Looking for some help friends. 

My wife and I are engaged in a pretty volatile discussion with her parents. Without elaborating too much on the back story, here are the basics.

They are professing believers, and demand to be treated as believers. 

They refuse to associate, or even attend, any church. 

They are very hostile to us proclaiming the gospel to other people. (They say we're judging them.)

Although they use scripture occasionally, (only ever a few verses out of context), they are very paranoid that the Bible can't be trusted. They say they trust what's in their heart.
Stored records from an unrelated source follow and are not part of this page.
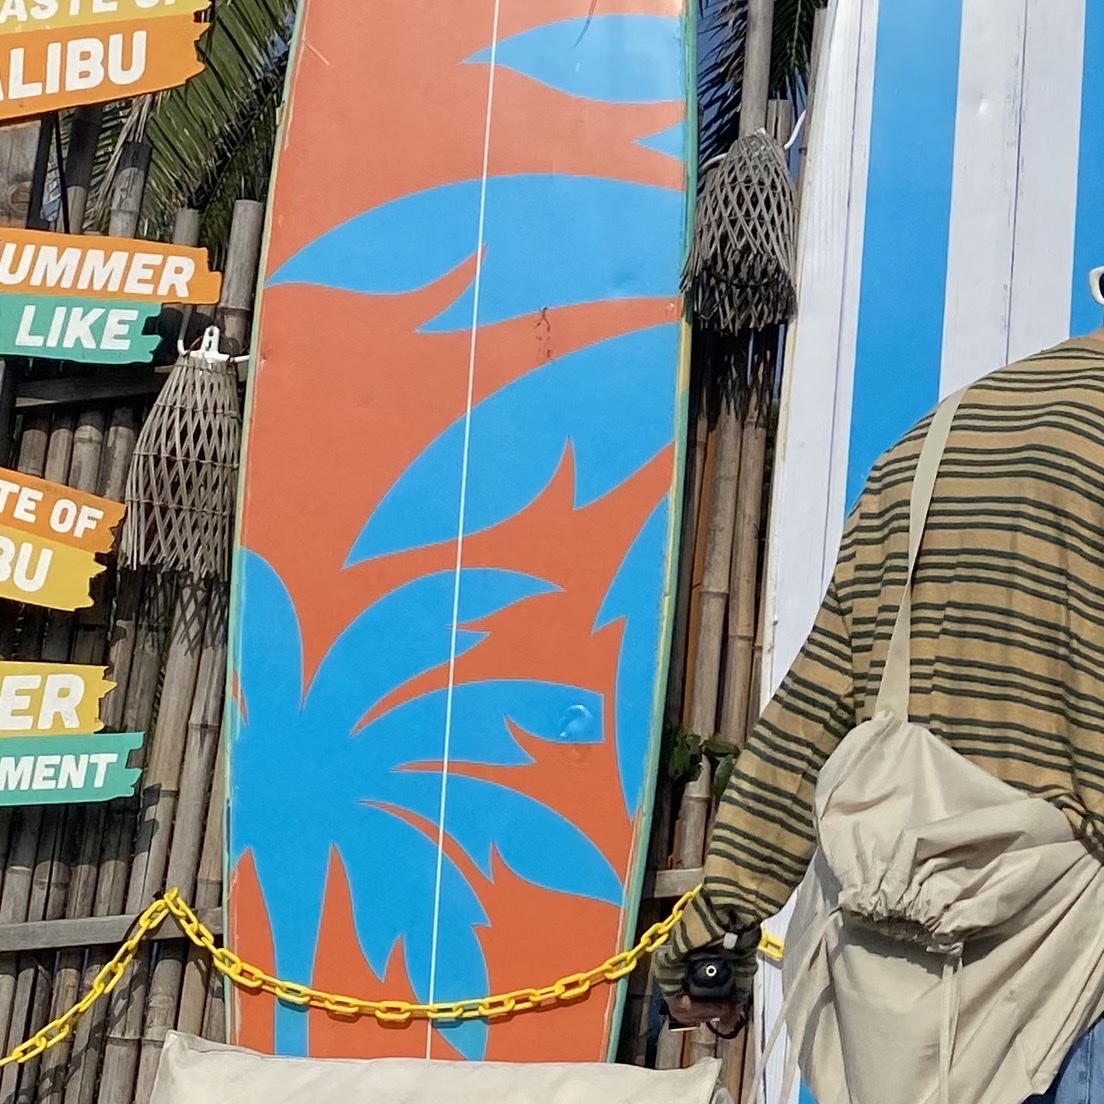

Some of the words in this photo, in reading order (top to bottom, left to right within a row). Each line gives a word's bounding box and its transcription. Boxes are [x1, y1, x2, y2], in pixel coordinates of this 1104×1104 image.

[0, 31, 147, 100] LIBU
[0, 243, 196, 298] UMMER
[15, 305, 139, 350] LIKE
[50, 500, 104, 538] OF
[0, 674, 85, 731] ER
[0, 753, 119, 791] MENT
That the Lord is in their heart.

So my question is really two-fold. 

To what degree can a Christian distrust scripture? For me, to deny scripture as truth is to deny Christ.

And what are your recommendations for proceeding in conversation? Do we continue to treat them as possessing believers? Or have they manifested their unbelief to the point that their profession is completely weightless?

I appreciate the responses.

Reactions: Praying 2


----------



## Taylor (Dec 30, 2022)

They deny the church.

They deny the proclamation of the gospel.

They deny Scripture.

They are not Christians, despite their claims to the contrary.

What to do with/about them? I really don’t know. Perhaps others can chime in, but I am uncomfortable giving you advice not knowing the details of your situation and relationship with them. Speak with your pastor and elders.

Reactions: Like 6


----------



## Ed Walsh (Dec 30, 2022)

"Christians who deny Scripture" Isn't that an oxymoron?

Reactions: Like 3


----------



## jwithnell (Dec 30, 2022)

You love them, respect them, and continue living your life in obedience to your Savior. Politely change the subject if they want to force a discussion and disagree with you.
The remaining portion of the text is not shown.